> **Work required**
The entries below must be retyped exactly. Pictures are to be omitted.

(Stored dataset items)
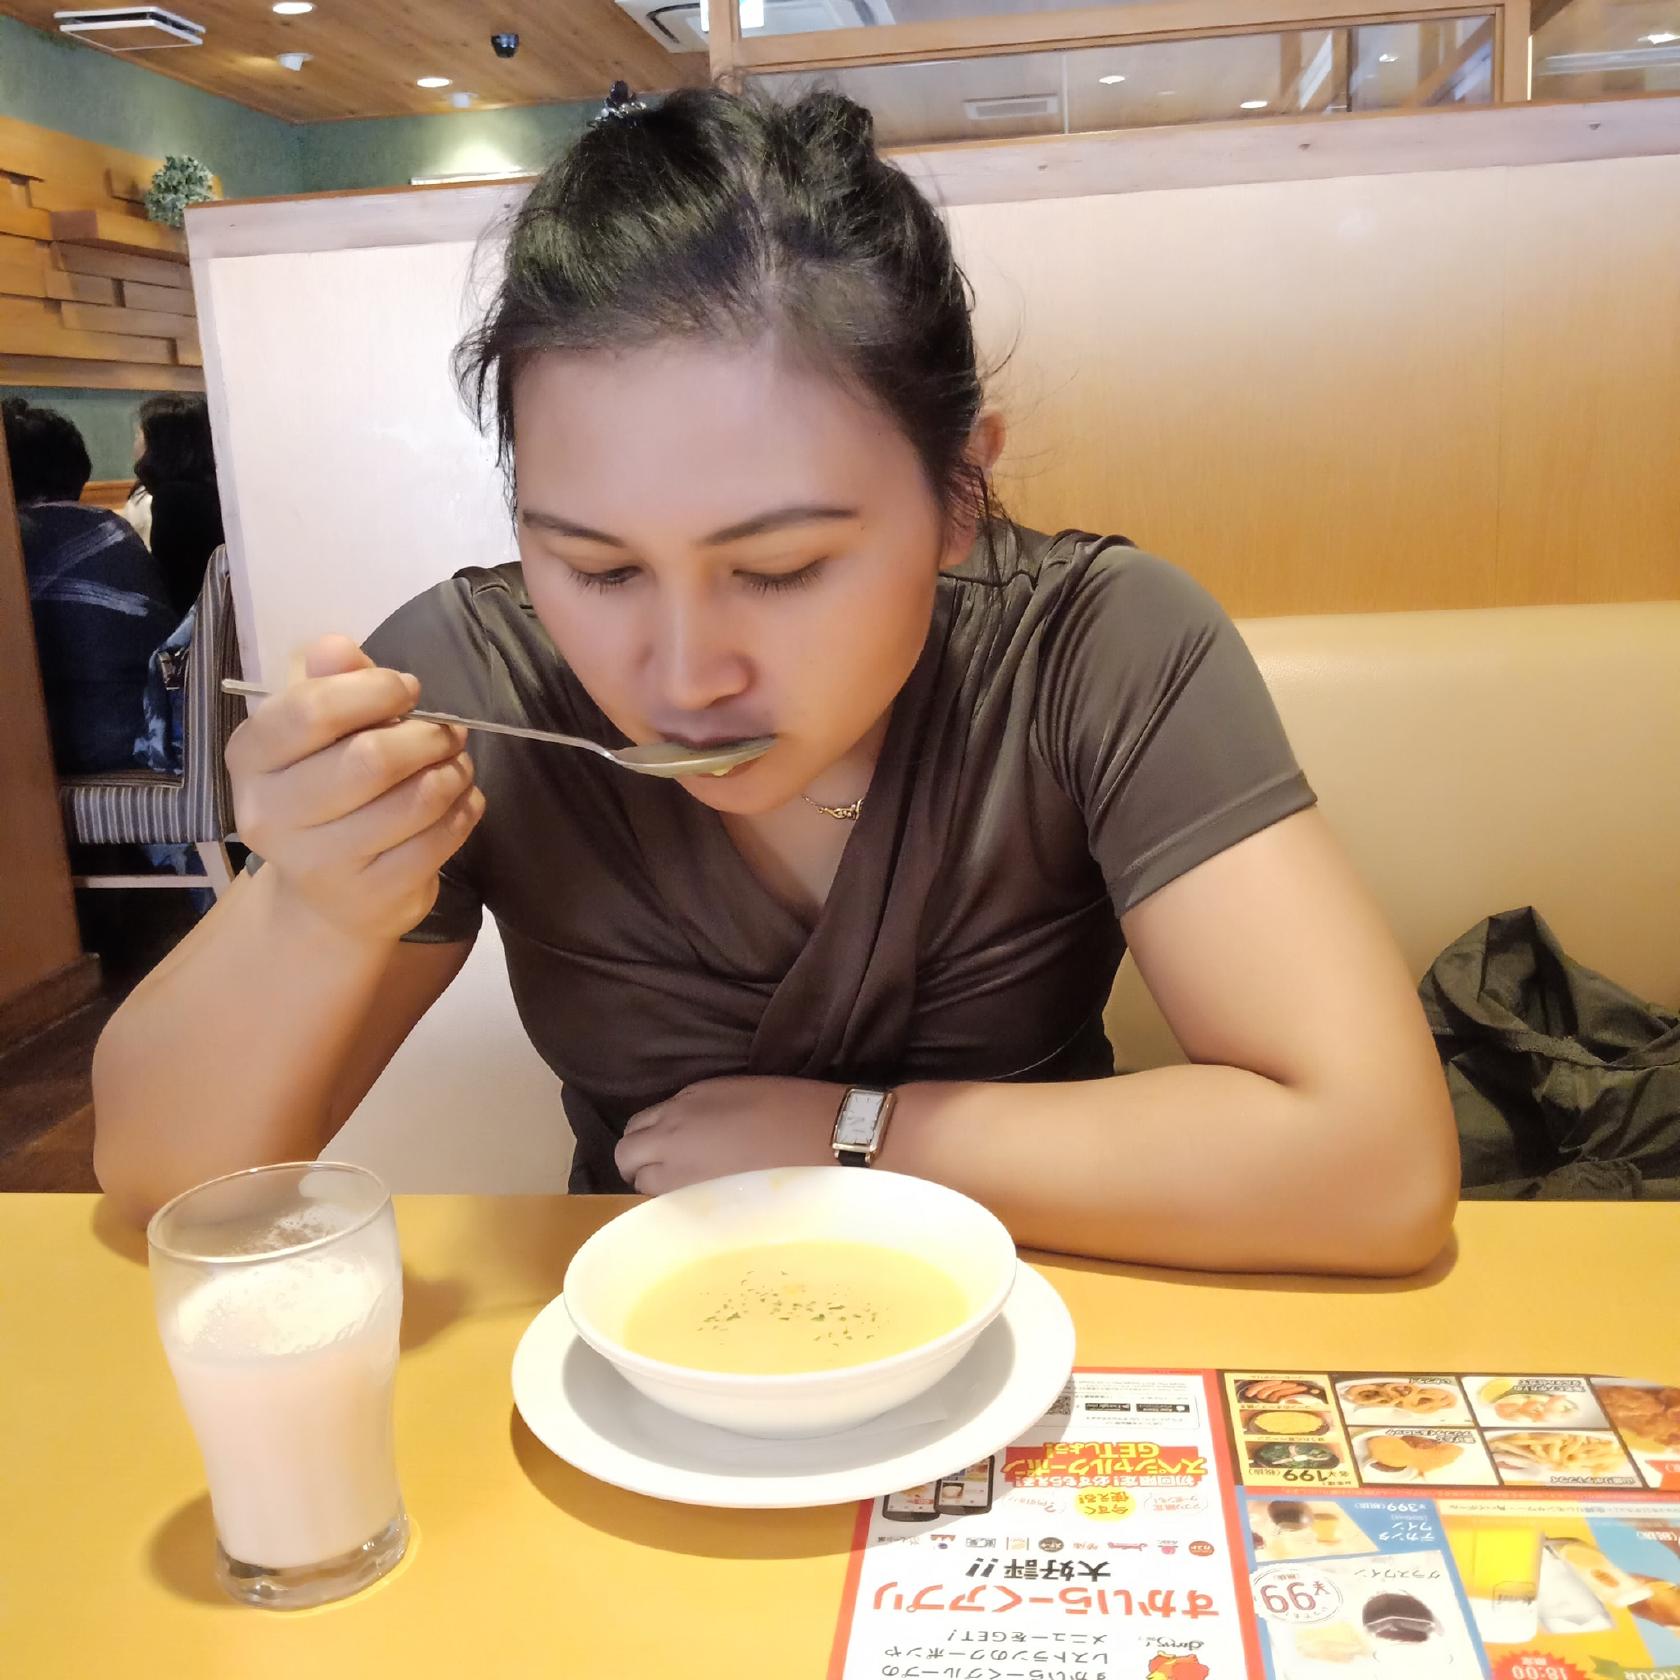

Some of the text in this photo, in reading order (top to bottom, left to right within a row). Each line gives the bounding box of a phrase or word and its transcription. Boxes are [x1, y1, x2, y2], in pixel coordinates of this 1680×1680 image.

[1044, 1442, 1160, 1459] GETしよう!
[1001, 1457, 1207, 1476] スペシャルクーポン
[1078, 1491, 1129, 1503] 使える!
[1085, 1504, 1128, 1515] 今すぐ
[1391, 1522, 1432, 1531] ワイン
[1378, 1531, 1435, 1542] デカンタ
[965, 1558, 1111, 1582] 大好評!!
[1354, 1569, 1441, 1580] グラスワイン
[873, 1581, 1219, 1619] すかいらーくアプリ
[1260, 1581, 1332, 1613] ¥99
[947, 1629, 1108, 1645] メニューをGET!
[884, 1646, 1108, 1665] レストランのクーポンや
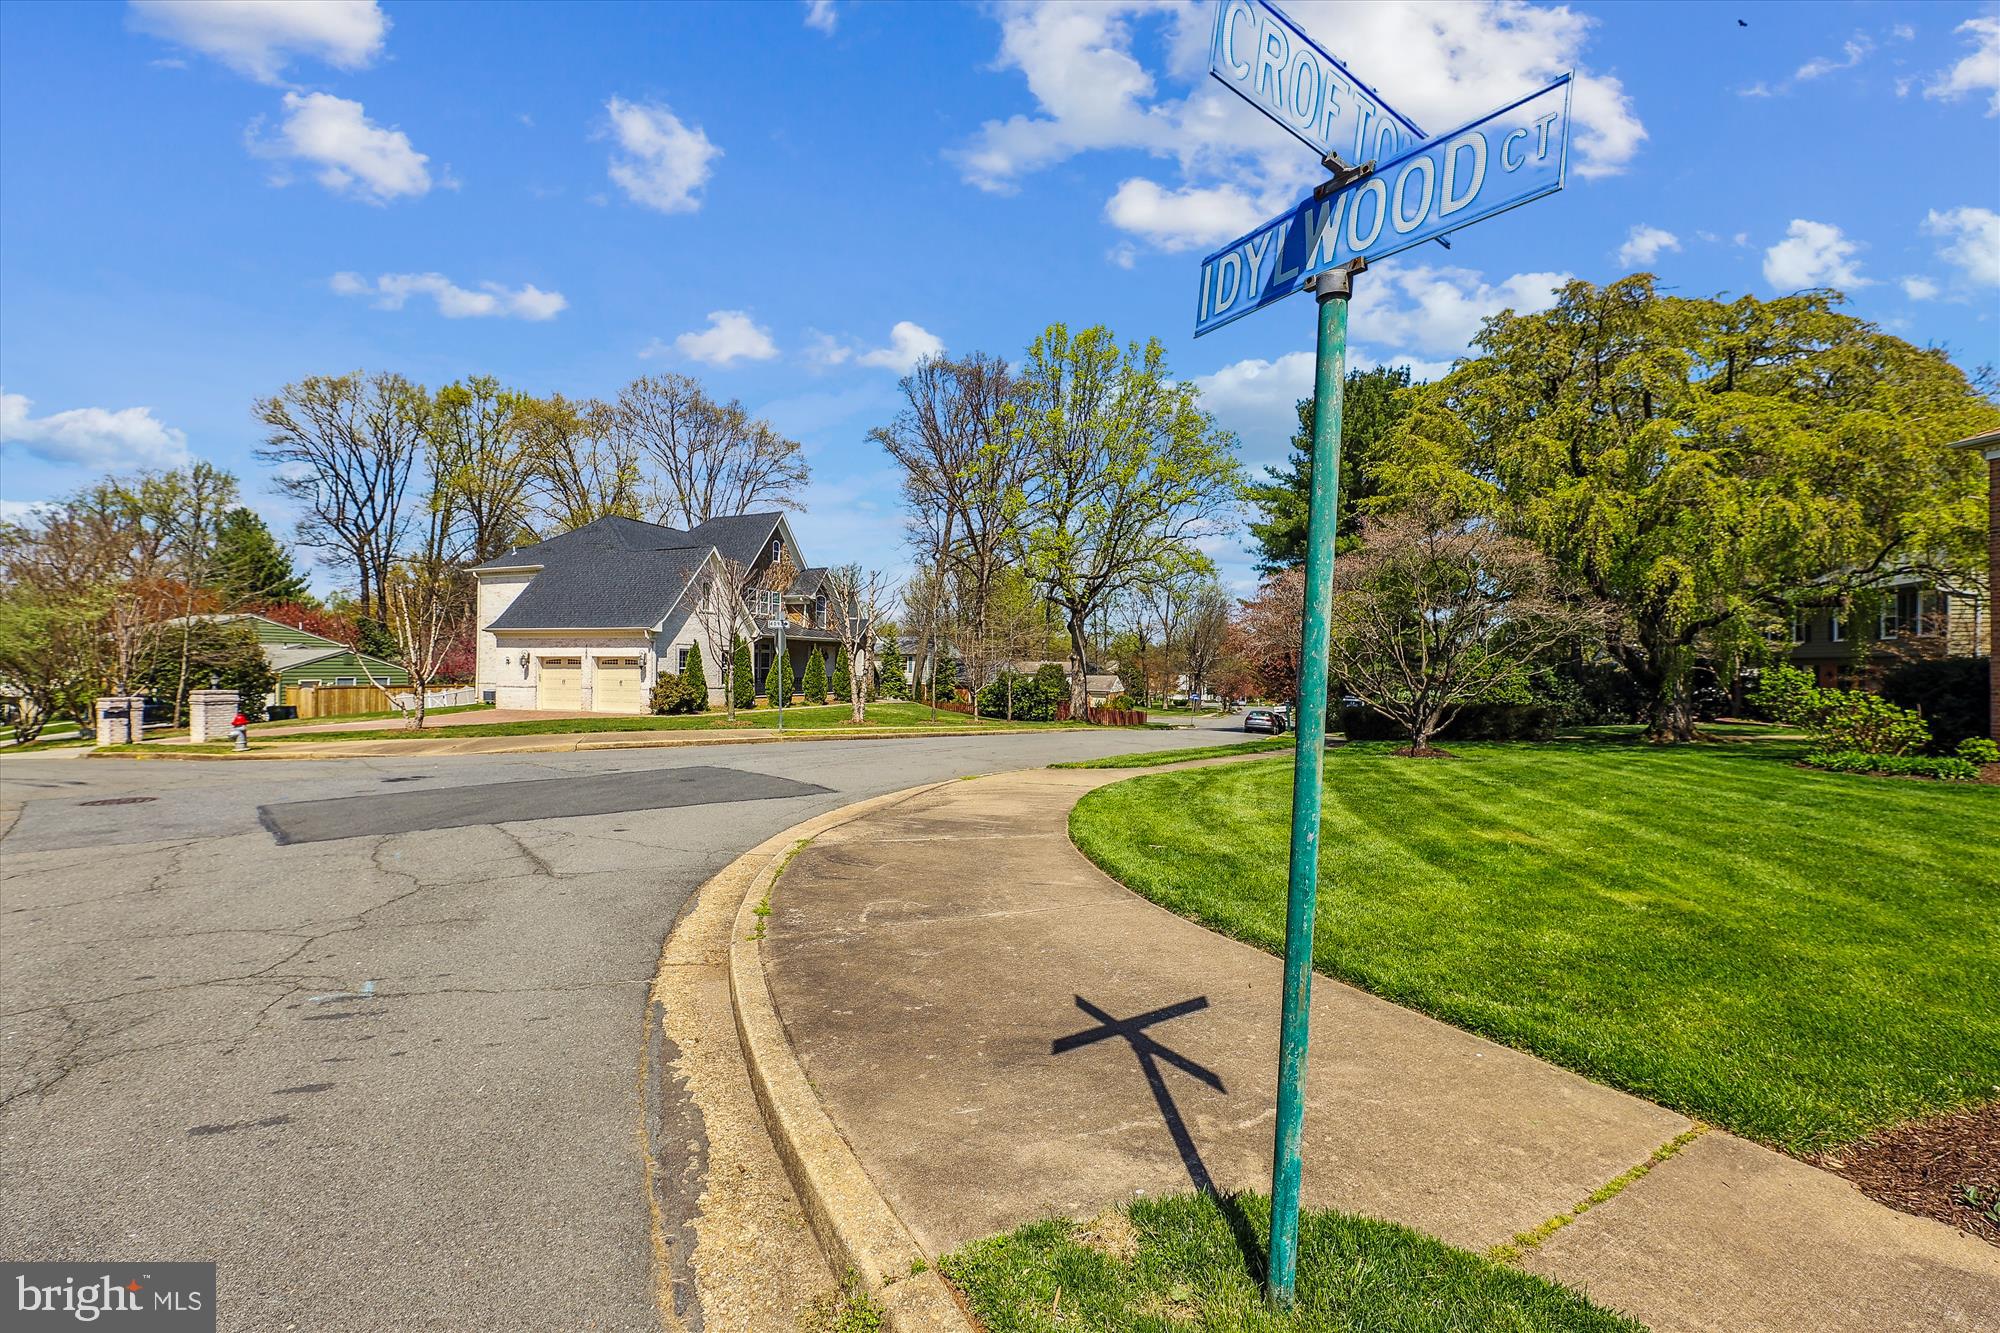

> **Answer to the exercise**
Some of the text in this photo, in reading order (top to bottom, left to right within a row). Each line gives the bounding box of a phrase or word and its transcription. Boxes are [x1, y1, x2, y2], in pixel coordinates of this 1680×1680 image.

[1044, 1442, 1160, 1459] GETしよう!
[1001, 1457, 1207, 1476] スペシャルクーポン
[1078, 1491, 1129, 1503] 使える!
[1085, 1504, 1128, 1515] 今すぐ
[1391, 1522, 1432, 1531] ワイン
[1378, 1531, 1435, 1542] デカンタ
[965, 1558, 1111, 1582] 大好評!!
[1354, 1569, 1441, 1580] グラスワイン
[873, 1581, 1219, 1619] すかいらーくアプリ
[1260, 1581, 1332, 1613] ¥99
[947, 1629, 1108, 1645] メニューをGET!
[884, 1646, 1108, 1665] レストランのクーポンや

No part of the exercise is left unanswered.